Thursday
March 6th. This morning stared splendidly; when I walked in to the interview at
9AM professor Rolf Martinsson told me first thing “You wrote an excellent exam.
You scored full points!” After that they asked me about my music, what I expect
from the programme and also told me that Malmö Academy of Music has two orchestras
that play the works of the composition students, which sounds really exciting!
After the
20 min interview I decided to visit my friend Sanni Määttä in Copenhagen for
the day. She is a first year violin student at the Royal Danish Academy of Music, but we know each other from Tampere. I took the Östersunds train, only
30 minutes but 80 Swedish crowns, to Copenhagen and found the Music Academy
quite easily by the metro station Forum.
The Royal
Danish Academy of Music was quite a peculiar building, partly it seemed nice
and pompous with a nice statue in front of it, but then again for instance the
toilets looked really old and shabby, so I got a quite ambivalent feeling for
the building. But I had lunch there as well, and the restaurant was nice.
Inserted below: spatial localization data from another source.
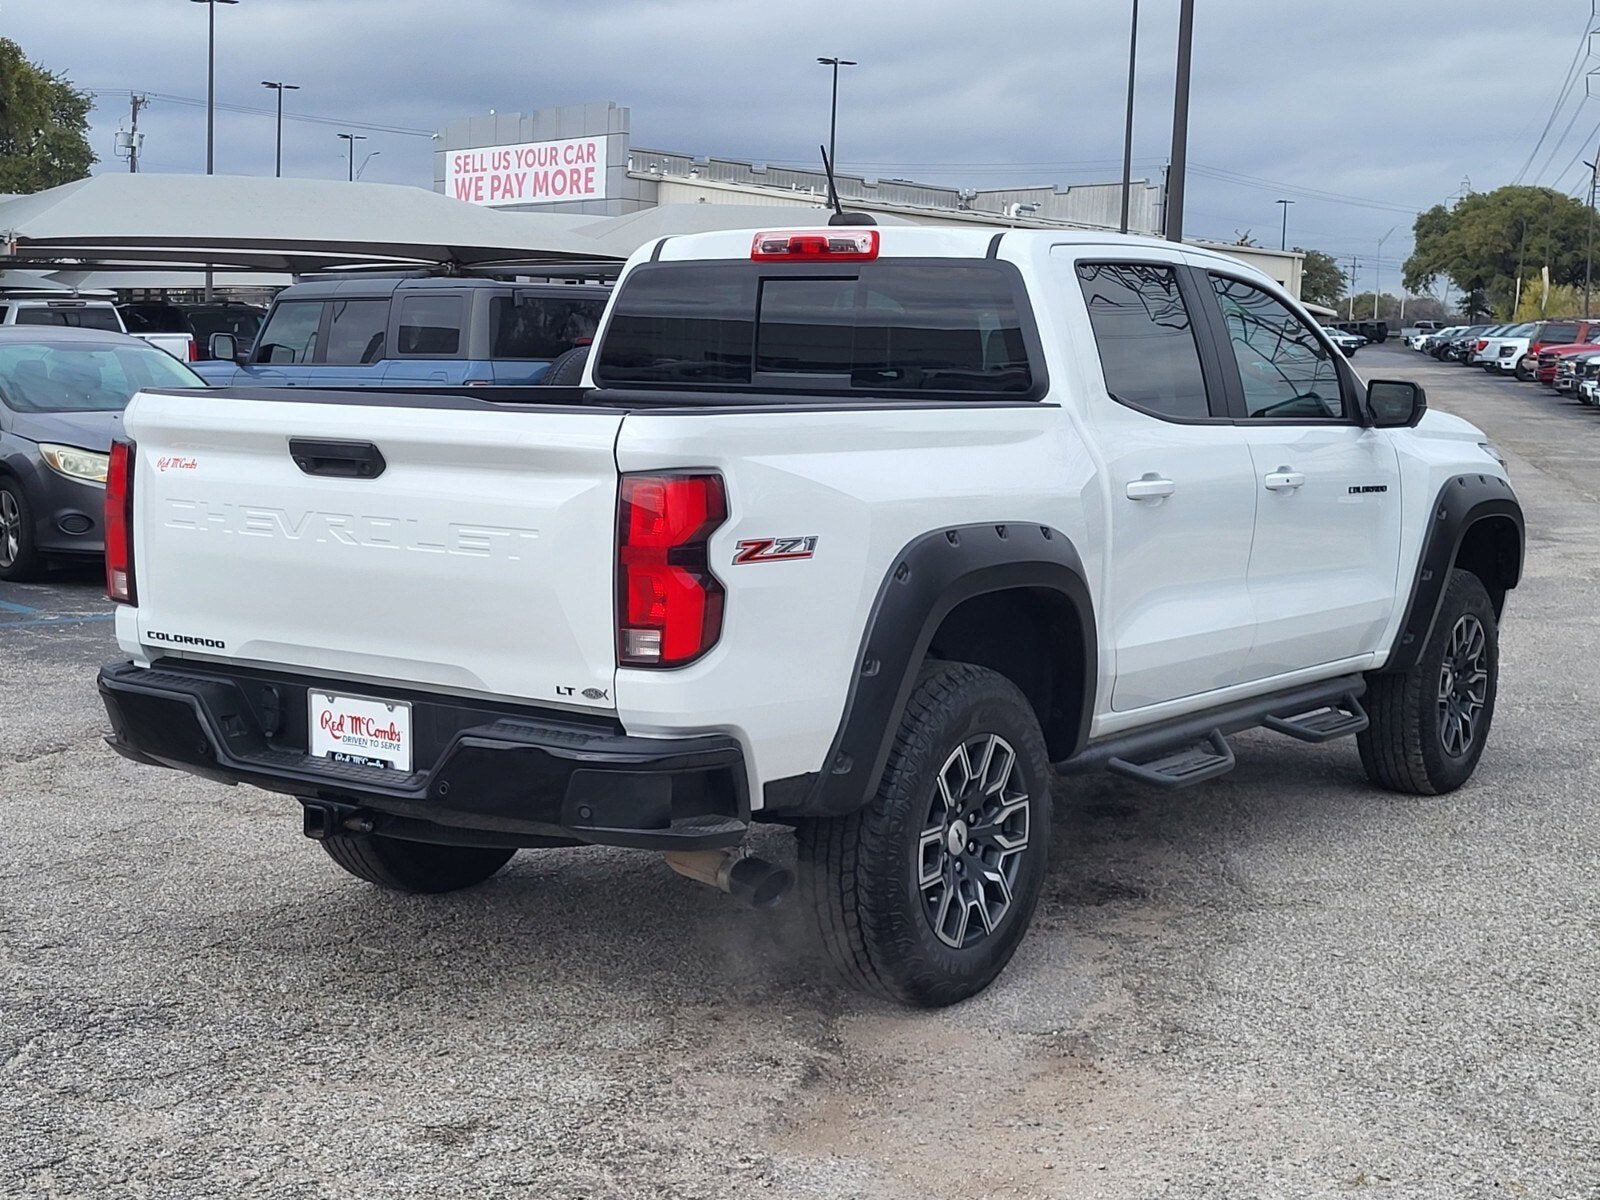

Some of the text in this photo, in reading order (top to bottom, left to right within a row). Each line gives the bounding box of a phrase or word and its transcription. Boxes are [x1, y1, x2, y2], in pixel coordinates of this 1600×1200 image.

[454, 143, 596, 174] SELL US YOUR CAR
[454, 167, 595, 201] WE PAY MORE
[1348, 485, 1387, 494] COLORADO
[164, 498, 540, 560] CHEVROLET
[731, 536, 818, 565] Z71
[147, 631, 225, 649] COLORADO
[556, 686, 576, 696] LT
[320, 710, 345, 740] Red
[342, 735, 401, 752] DRIVEN TO SERVE
At
lunch I met a composer from Singapore, an American composer called Marcus Lease,
a Norwegian composer Martin Bauck (who knew many Finnish composers and friends of
mine through UNM), a Norwegian trumpetist Birgitte and two Finnish cellists. So
already from this lunch meeting it’s easy to conclude that the Royal Danish
Academy of Music is a very international school.
I only had
time to stay the afternoon. It was a pity because in the evening the
contemporary festival Pulsar had it’s opening concert. Pulsar is a festival for
contemporary music, where mainly new music by the students of the Royal Danish
Academy of Music is performed. My friend Matilda Seppälä will be arriving on
Saturday (8.3) to visit Sanni for a week, so I will ask her how the festival
was.
In the
evening I travelled via Malmö to Gothenburg for visiting my friend Elias Liebendörfer (singer/actor/waiter).